Amstrad Computer User
1st January 1987
Publisher: Interceptor Micros
Machine: Amstrad CPC464
Published in Amstrad Computer User #26
After Shock
It's about time we saw another adventure from the fertile minds at Interceptor Software. Judging from the letters I get, Interceptor adventures are played across the greater part of Europe. They are renowned for their graphics and although the text is great in quantity, it supplies just enough interest to maintain most players' enthusiasm.
After Shock is at the least very topical. You are part of a team that designed the nuclear reactor that supplies power to your city. There is a fault in the backup cooling system but the primary system is functioning perfectly. No problem, you just put things in motion to investigate and rectify the failure.

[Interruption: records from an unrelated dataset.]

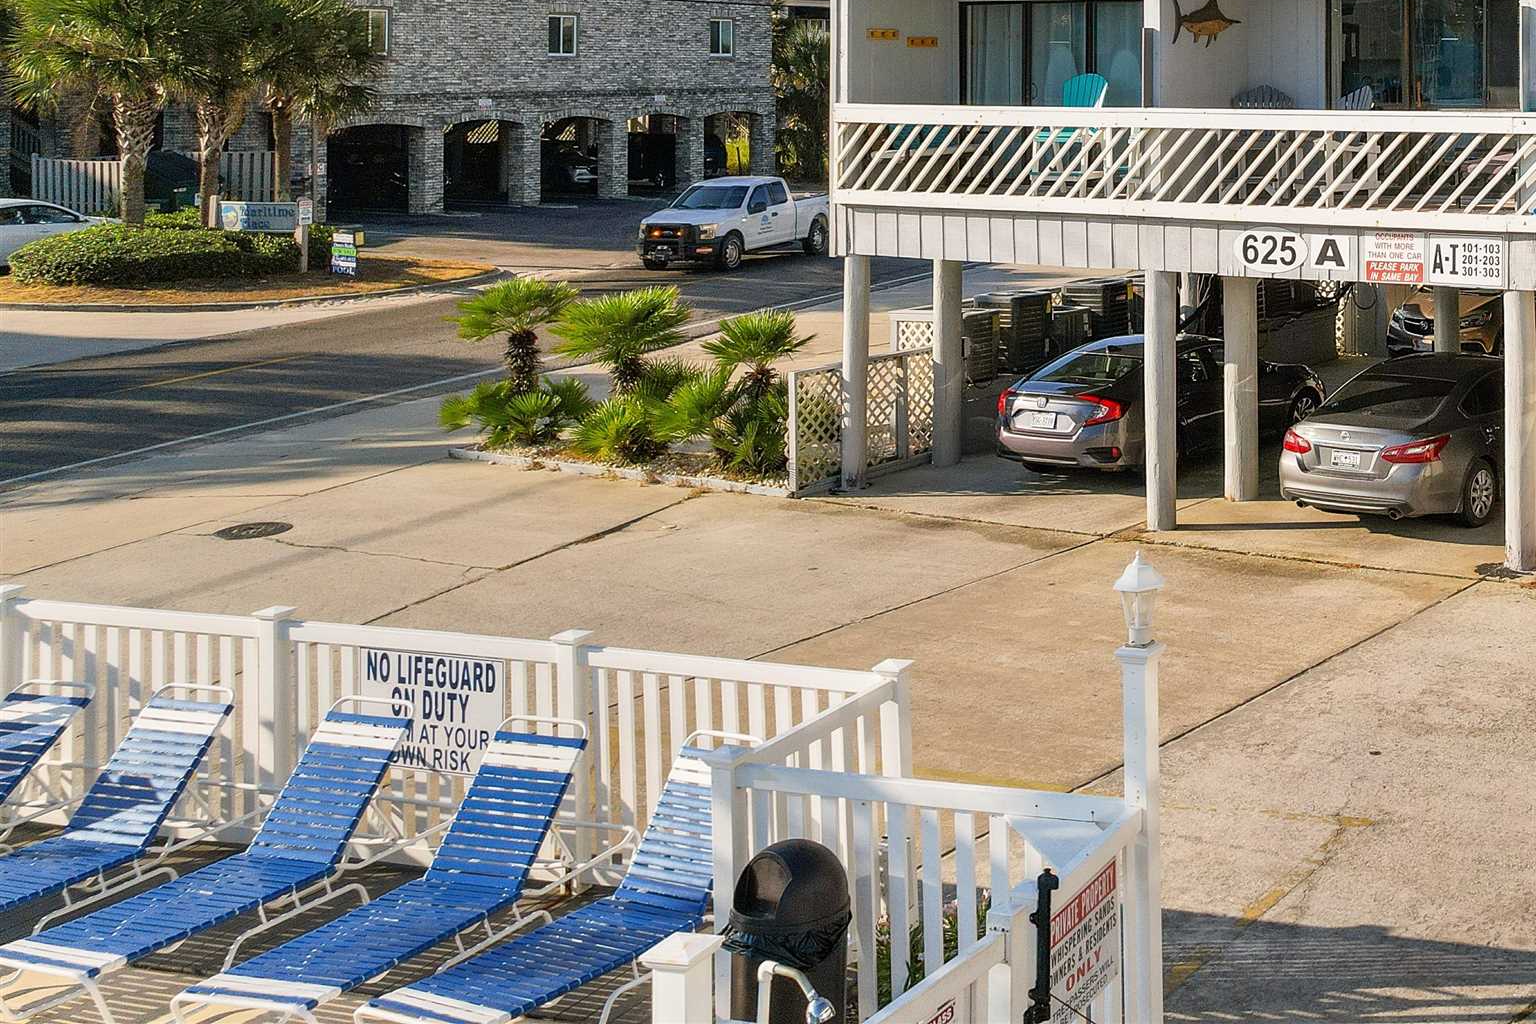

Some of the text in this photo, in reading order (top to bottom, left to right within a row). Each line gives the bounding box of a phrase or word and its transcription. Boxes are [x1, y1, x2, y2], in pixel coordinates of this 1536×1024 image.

[1242, 234, 1297, 266] 625
[1375, 232, 1414, 241] OCCUPANTS
[1394, 243, 1415, 251] MORE
[1315, 239, 1345, 267] A
[1369, 262, 1418, 272] PLEASE PARK
[1407, 252, 1422, 260] CAR
[1370, 271, 1418, 282] IN SAME BAY
[367, 651, 496, 693] NO LIFEGUARD
[391, 687, 470, 723] ON DUTY
[419, 724, 438, 744] AT
[444, 726, 490, 750] YOUR
[433, 749, 471, 772] RISK
[1050, 862, 1115, 946] PRIVATE PROPERTY
[1051, 896, 1115, 968] WHISPERING SANDS
[1086, 912, 1117, 955] RESIDENTS
[1066, 946, 1103, 991] ONLY

In an underground test site deep in the desert to the east, the military test its latest nuclear warhead. This sets off a series of earth tremors, The city has expected an earthquake for years, as it is built over a fault line and no one is concerned at first as these tremors are on a very low scale.
You are one of the few who may be able to repair the unit before it runs wild... Can you get there in time?
This is where the adventure starts. You are in your office and must get out of the destruction all around you and reach the plant. The stairs are impassable with fires licking up from below and with the electricity supplies cut off the lift is a death trap. The action hots up as you escape from the building but find there is no direct way out of the city. Perhaps you could make your way through the sewers or find a submarine to take you down the flooded underground railway tunnels. You may even think of riding one of the elephants from the zoo.
Whatever you do, you will find plenty of objects lying around that may be of use to you. There are a number of locations where death is the next step, so save fairly regularly. There is no ram save but the tape is quick - use it.
There are lots of locations to explore and yet another of Interceptor's awkward multi-location mazes. Just keep your head and draw careful maps.
Graphics are not displayed at every location but when they do appear they are superb. Some of them contain an element of animation that adds greatly to what are surely Interceptor's best yet. The clutching hand extending up from a pile of debris and the oil pouring out of a stricken tanker are just two to look forward to.
In general the operating system is slightly quicker in action than in previous games, especially in displaying the graphics. It also seems to understand a greater number of words than before.
Sadly its use of the English language, in an adventurer's sense, is frustrating at times. In the instructions they talk about giving commands and the need to be grammatically correct. By this they deplore such inputs as GO BOAT and insist on CLIMB INTO BOAT.
This is all very well, but only if the range of phrases understood is great enough not to hold up play. It's more than frustrating if you can't get the computer to understand or carry out an action you know to be right.
The problem areas in After Shock are not that many but when you meet them they certainly cause a time lapse in gameplay. Two that held me up for a while were 'climb out of lift' and 'lubricate the mechanism'.
If you have liked previous adventures from Interceptor you will like this one. If you are new to adventuring there are games that are more userfriendly, if not easier.